The district judge referred the matter back to the referee July 16, 1900, to take testimony as to the character and value of Comingor's services and those of his counsel. The referee proceeded to do this, pending which, on November 10, Comingor tendered an amended response before the referee, setting forth that as was shown by the pleadings, records, and evidence in the case, and the entire proceedings had, neither that court nor the referee in bankruptcy had any jurisdiction, either of the respondent or the matter involved, to make any such orders or require respondent to answer thereto, because the records showed that all the transactions in reference to the two sums of money took place before the petition in bankruptcy was filed, and that neither that court nor the referee in bankruptcy could proceed against respondent as attempted by order or rule to pay over or by summary process. He prayed that the rule be discharged and the orders to pay be set aside.
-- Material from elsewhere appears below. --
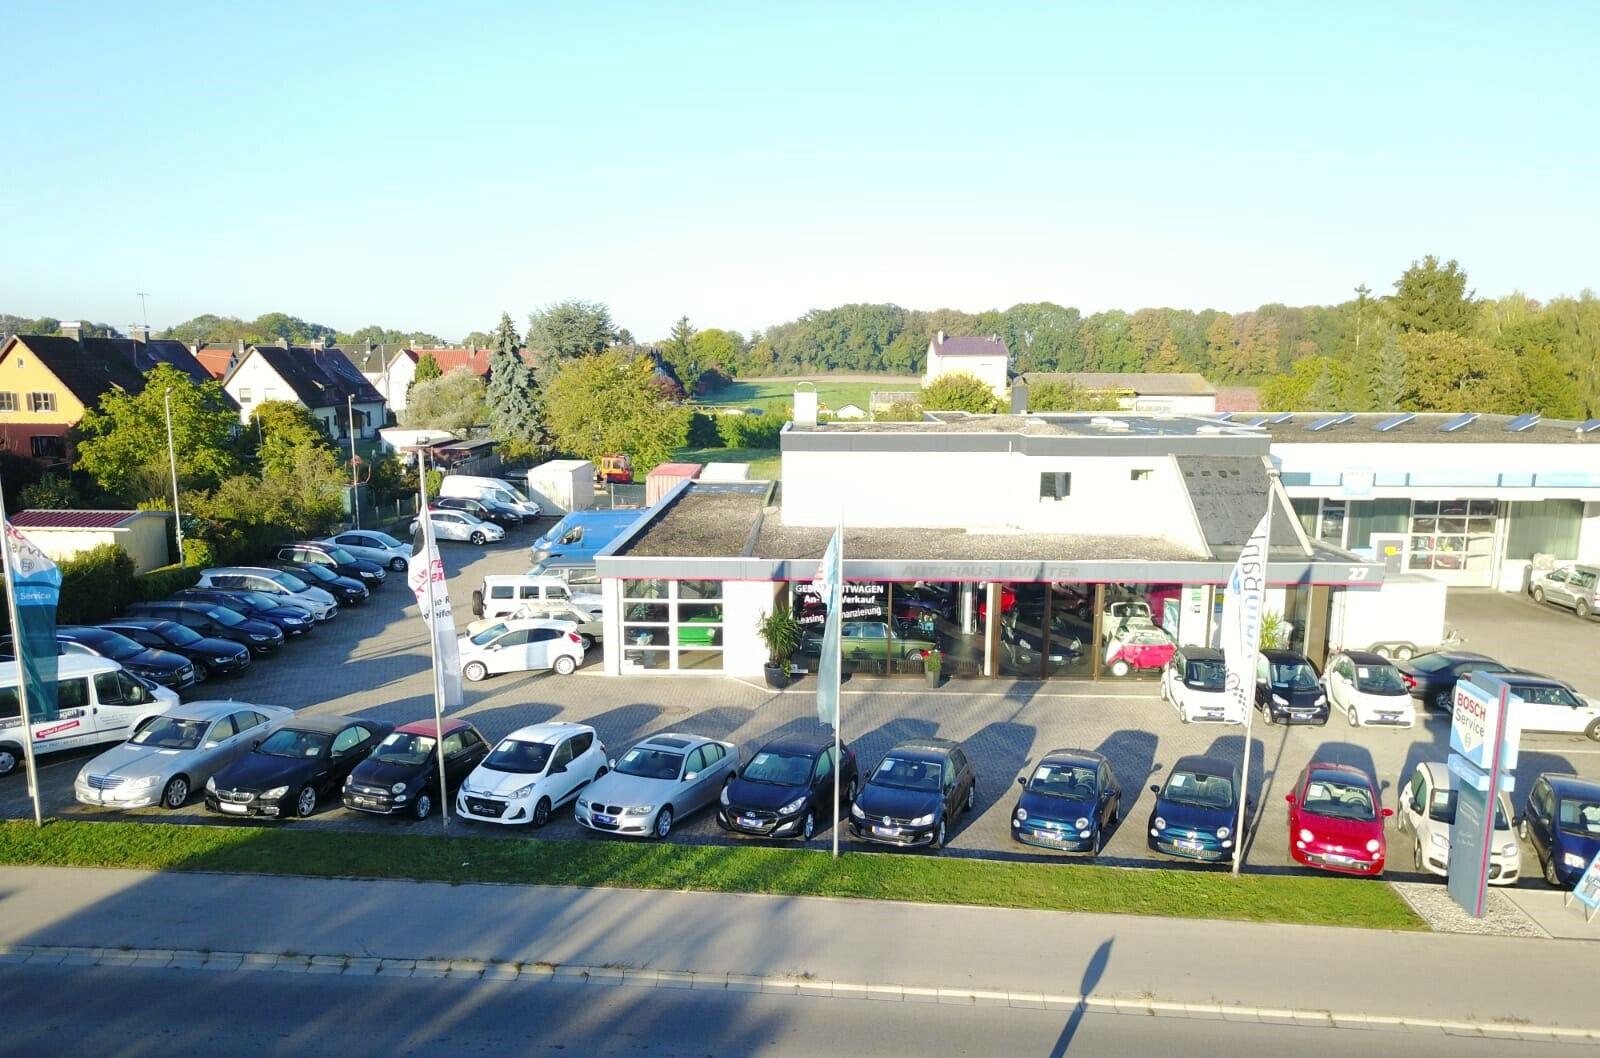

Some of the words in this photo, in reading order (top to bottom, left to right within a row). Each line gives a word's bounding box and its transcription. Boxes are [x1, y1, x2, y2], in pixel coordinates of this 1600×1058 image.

This amended response the referee declined to entertain and it was again tendered in the district court on the filing of the referee's report.
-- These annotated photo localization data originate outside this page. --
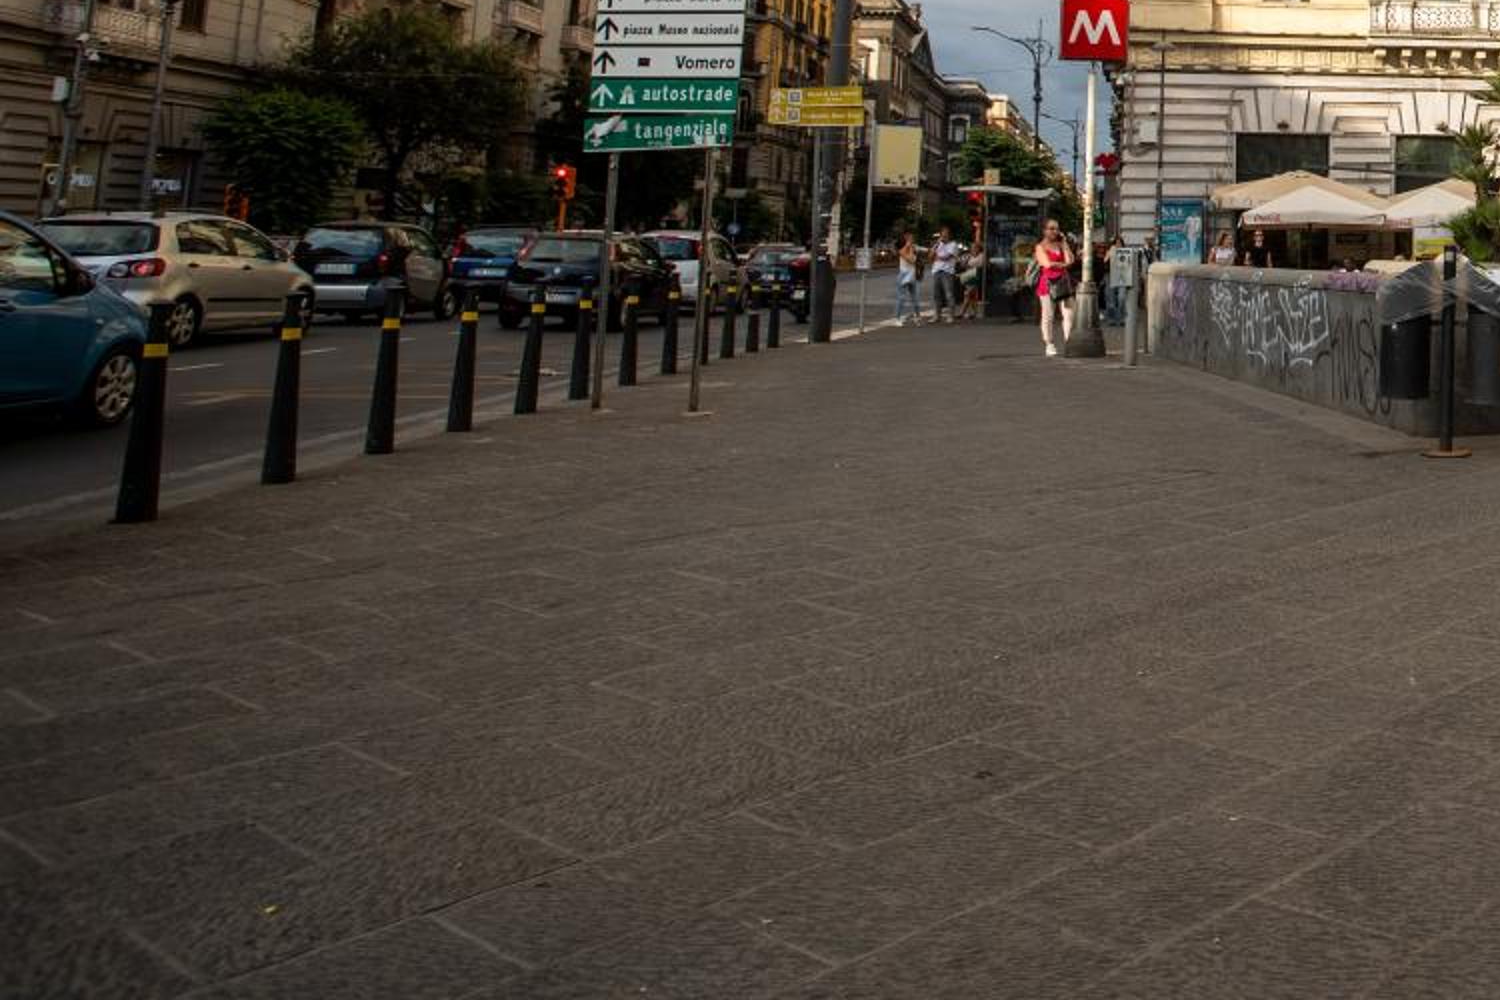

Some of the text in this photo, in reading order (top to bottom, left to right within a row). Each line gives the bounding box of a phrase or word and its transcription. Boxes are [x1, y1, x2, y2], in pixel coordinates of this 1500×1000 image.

[623, 23, 739, 38] piazza Museo nazionale
[1068, 9, 1120, 45] M
[675, 56, 735, 69] Vomero
[642, 84, 733, 101] autostrade
[635, 118, 727, 140] tangenziale
December 11, 1900, the referee reported the evidence and his conclusions thereon, that neither Comingor nor his attorneys had rendered any services of value to the estate, and that their services had in fact been injurious to the creditors, but that the fees paid to the attorneys were usual and reasonable according to the scale of compensation allowed for such services by the state court in Louisville.
The district judge confirmed the report of the referee, and as to the objection of want of jurisdiction held that it could not be entertained by the court for the reason that, by long acquiescence in that mode of procedure, respondent must be regarded as having consented thereto. Thereupon an order was entered dismissing the petition for review, and adjudging that Comingor pay to the trust company, as trustee, the said sume of $3,398.90 and $3,200, on or before February 16, 1901, to all of which Comingor excepted, and filed his petition for review in the circuit court of appeals for the sixth circuit. That court entered an order staying proceedings in the district court, and thereafter on hearing reversed the decree of the district court affirming the orders of the referee requiring Comingor to pay to the trustee the sums aforesaid, with directions to set aside its order and decree, and the orders of the referee directing Comingor to pay the trustee in bankruptcy the moneys mentioned in said orders. 47 C. C. A. 51, 107 Fed. 898.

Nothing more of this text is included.